Figure 1 shows an example of a graphene Raman spectrum where a spike is present. Graphene’s exceptional physical properties — such as its electrical and thermal conductivity — have made it a highly studied material. Its Raman spectrum contains peaks that reflect structural characteristics, revealing information about doping, strain, and grain boundaries. Therefore, Raman spectroscopy is a widely used technique to characterize graphene. However, to make the most of this tool, spikes must be previously removed.
import numpy as np
# Load data directly into a numpy array
data = np.loadtxt(spiked_spectrum.asc, delimiter=',', skiprows=1)# Extract Raman shift from the first column (index)
ramanshift = data[:, 0]
# Extract intensity from the second column (index 1in Python)
intensity = data[:, 1]
# Plot the data
import matplotlib.pyplot as plt
fig = plt.figure(figsize = (5,3))
plt.plot(ramanshift, intensity)
plt.xlabel('Raman shift (cm$^{-1}$)')
plt.ylabel('Intensity (a.u.)')
plt.show()
The spike removal algorithm presented here consists of four main steps:
1. Peak finding
2. Spike detection
3. Spike flagging
4. Spectrum correction
Let’s take a look at the different steps with Python code snippets:
1. Peak finding: First, the algorithm identifies significant peaks by checking for local maxima with a minimum prominence threshold. Adding a prominence threshold helps to exclude small noise-generated peaks, as we don’t aim to correct all the noise. See the following figure for comparison.
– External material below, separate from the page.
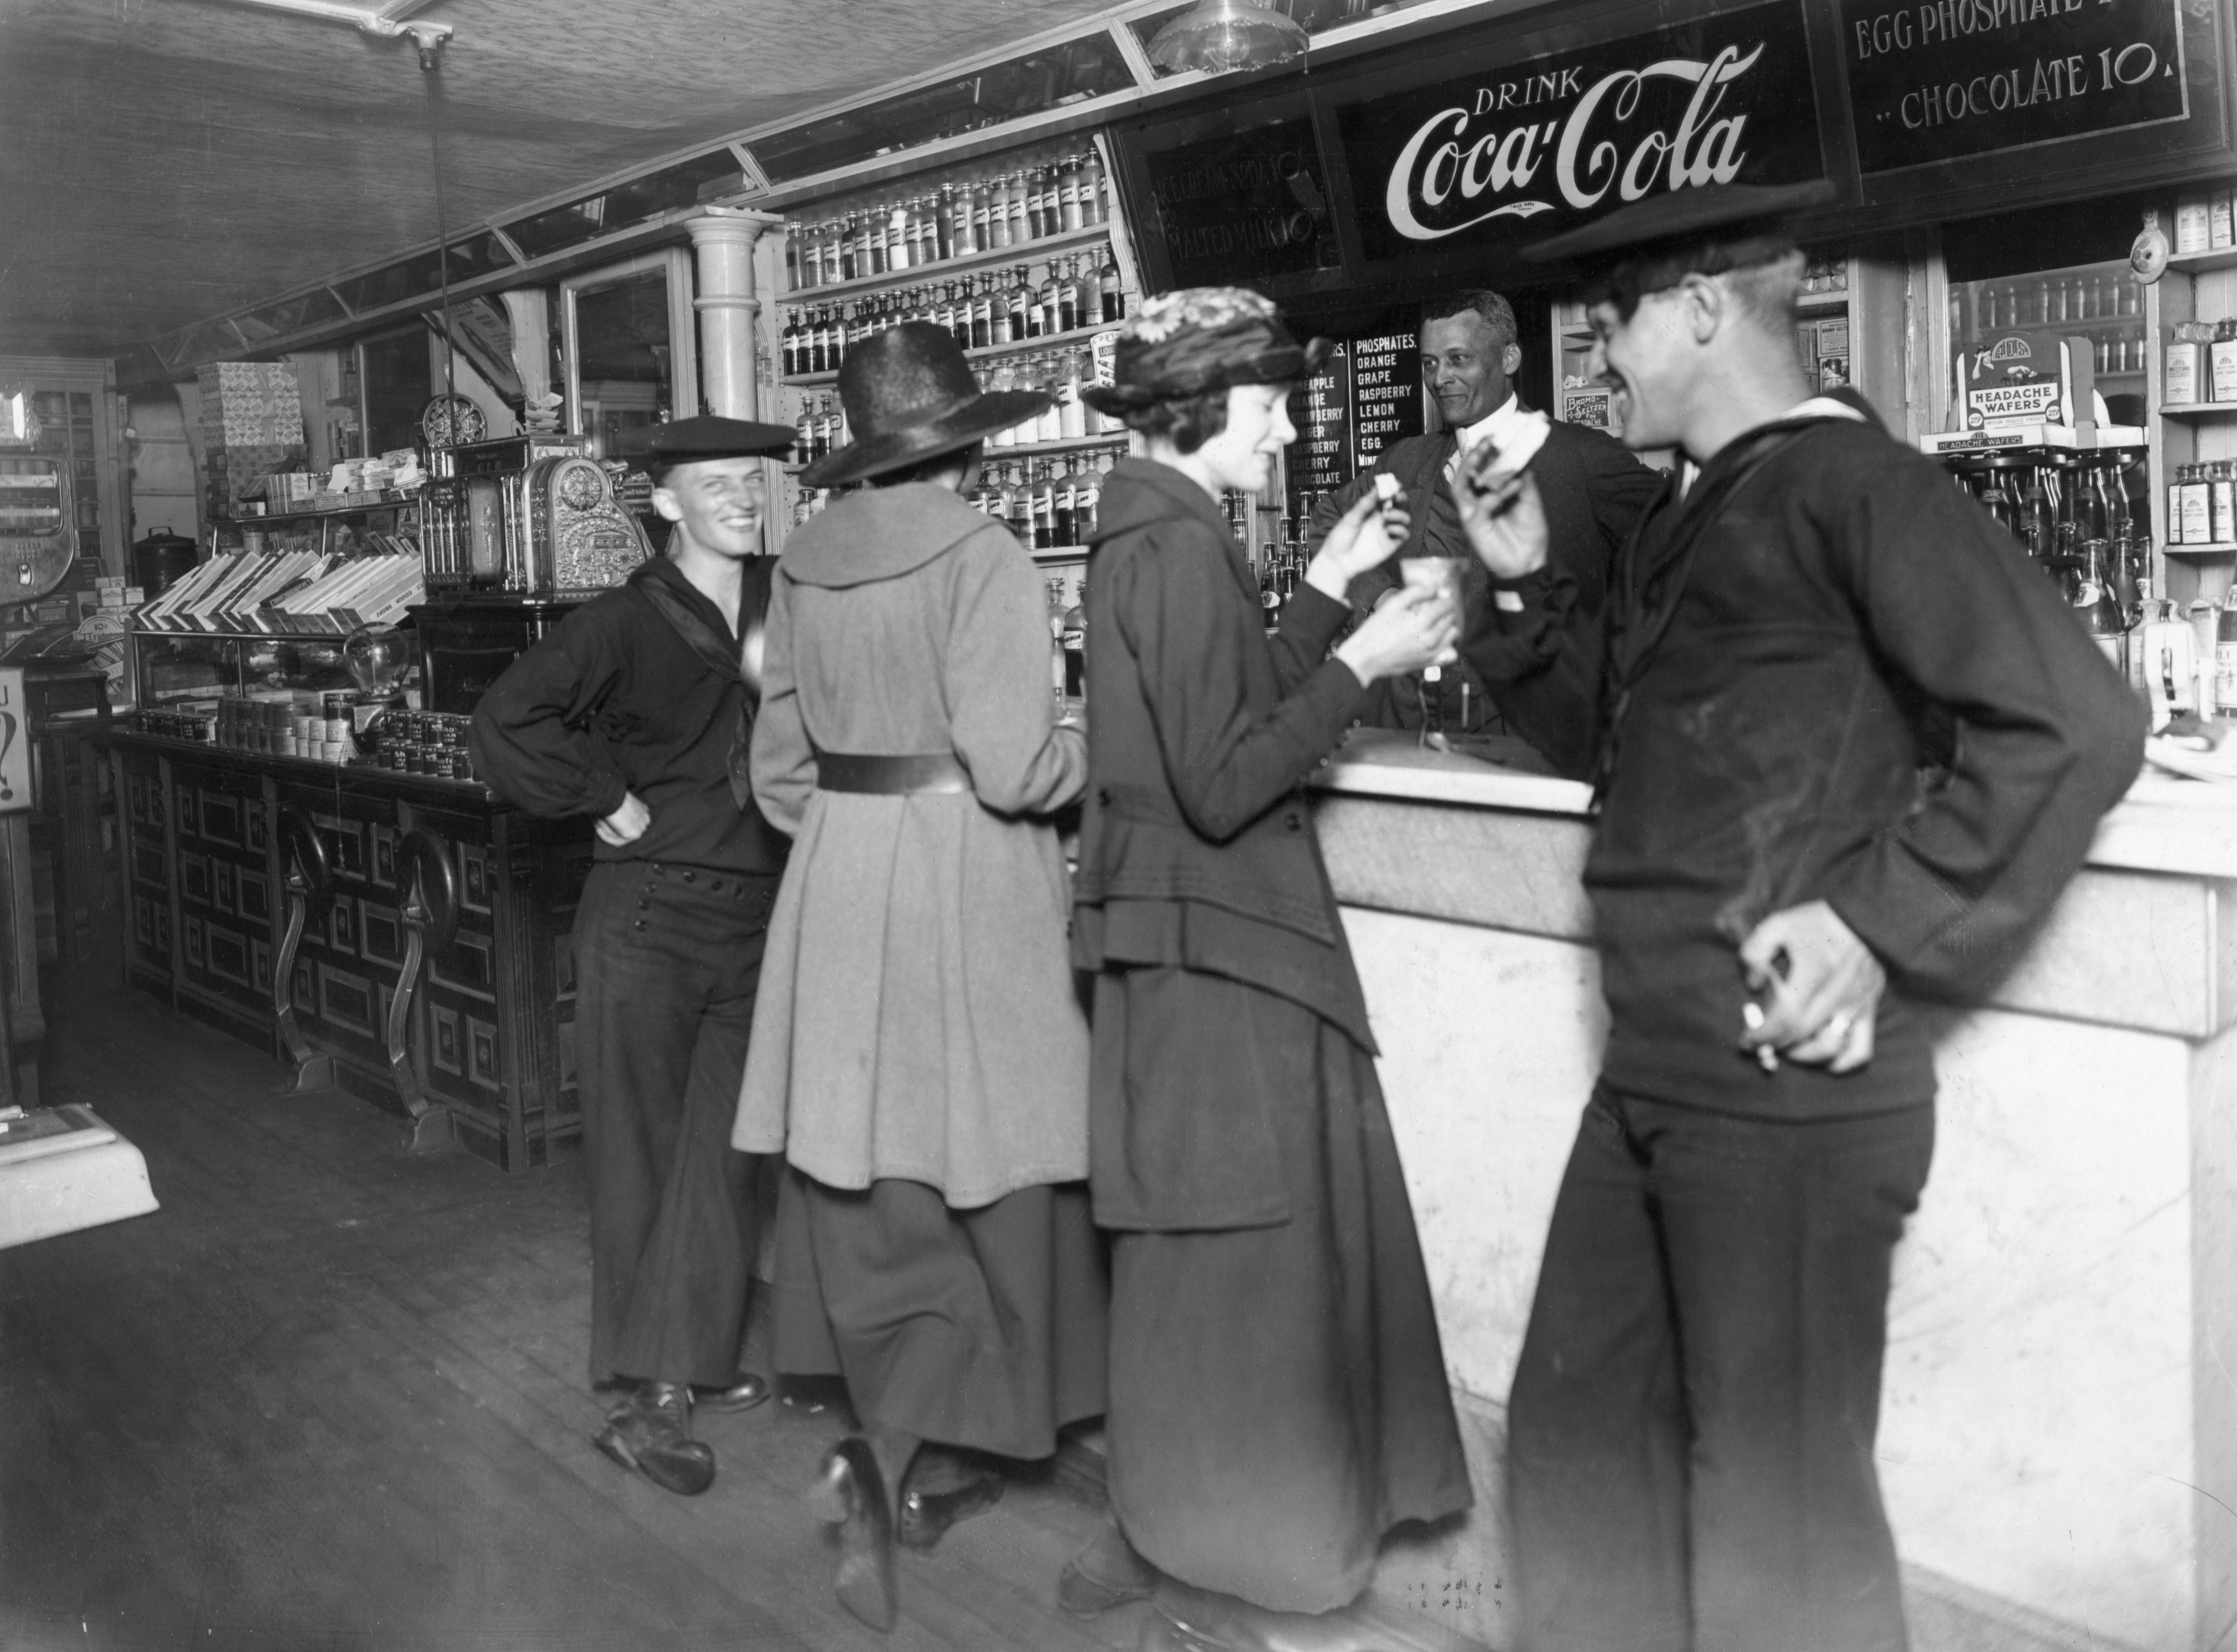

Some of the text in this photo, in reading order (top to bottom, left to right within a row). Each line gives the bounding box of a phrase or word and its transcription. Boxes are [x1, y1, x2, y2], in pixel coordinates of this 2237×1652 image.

from scipy.signal import find_peaks
# Find the peaks in the spectrum (with and without prominence threshold)
peaks_wo_p, _ = find_peaks(intensity) # Peaks found without a prominence threshold
peaks_w_p, _ = find_peaks(intensity, prominence = 20) # Peaks found without a prominence thresholdfig, ax = plt.subplots(1, 2, figsize = (10,3))
ax[0].plot(ramanshift, intensity, zorder=0, label='Raw spectrum')
ax[0].scatter(ramanshift[peaks_wo_p], intensity[peaks_wo_p], marker ='.', color = 'red',label='Found peaks')
ax[1].plot(ramanshift, intensity, zorder=0, label='Raw spectrum')
ax[1].scatter(ramanshift[peaks_w_p], intensity[peaks_w_p], marker ='.', color = 'red',label='Found peaks')
plt.show()
2. Spike detection: Then, spikes are flagged based on their characteristic narrow widths. This point might help in the automation of large spectral datasets. If we know the width of the Raman bands present in our spectra, we can choose a threshold below such a value. For example, with our system resolution, we do not expect to have graphene Raman bands with widths below 10 cm-1.
from scipy.signal import peak_widths
widths = peak_widths(intensity, peaks_w_p)[0]fig, ax = plt.subplots(figsize = (5,3))
ax.plot(ramanshift, intensity, zorder=0, label='Raw spectrum')
ax2 = ax.twinx()
ax2.scatter(ramanshift[peaks_w_p], widths, marker ='+', color = 'red',label='Peak widths')
plt.show()
3. Spike flagging Next, any data points affected by spikes are flagged using a range calculated from the peak’s prominence, effectively isolating corrupted pixels. In other words, we select the window that must be corrected
# Let's set the parameters:
width_param_rel = 0.8
width_threshold = 10 # Estimation of the width of the narrowest Raman band# Calculation of the range where the spectral points are asumed to be corrupted
widths_ext_a = peak_widths(intensity, peaks_w_p, rel_height=width_param_rel)[2]
widths_ext_b = peak_widths(intensity, peaks_w_p, rel_height=width_param_rel)[3]
# Create a vector where spikes will be flag: no spike = 0, spike = 1.
spikes = np.zeros(len(intensity))
# Flagging the area previously defined if the peak is considered a spike (width below width_threshold)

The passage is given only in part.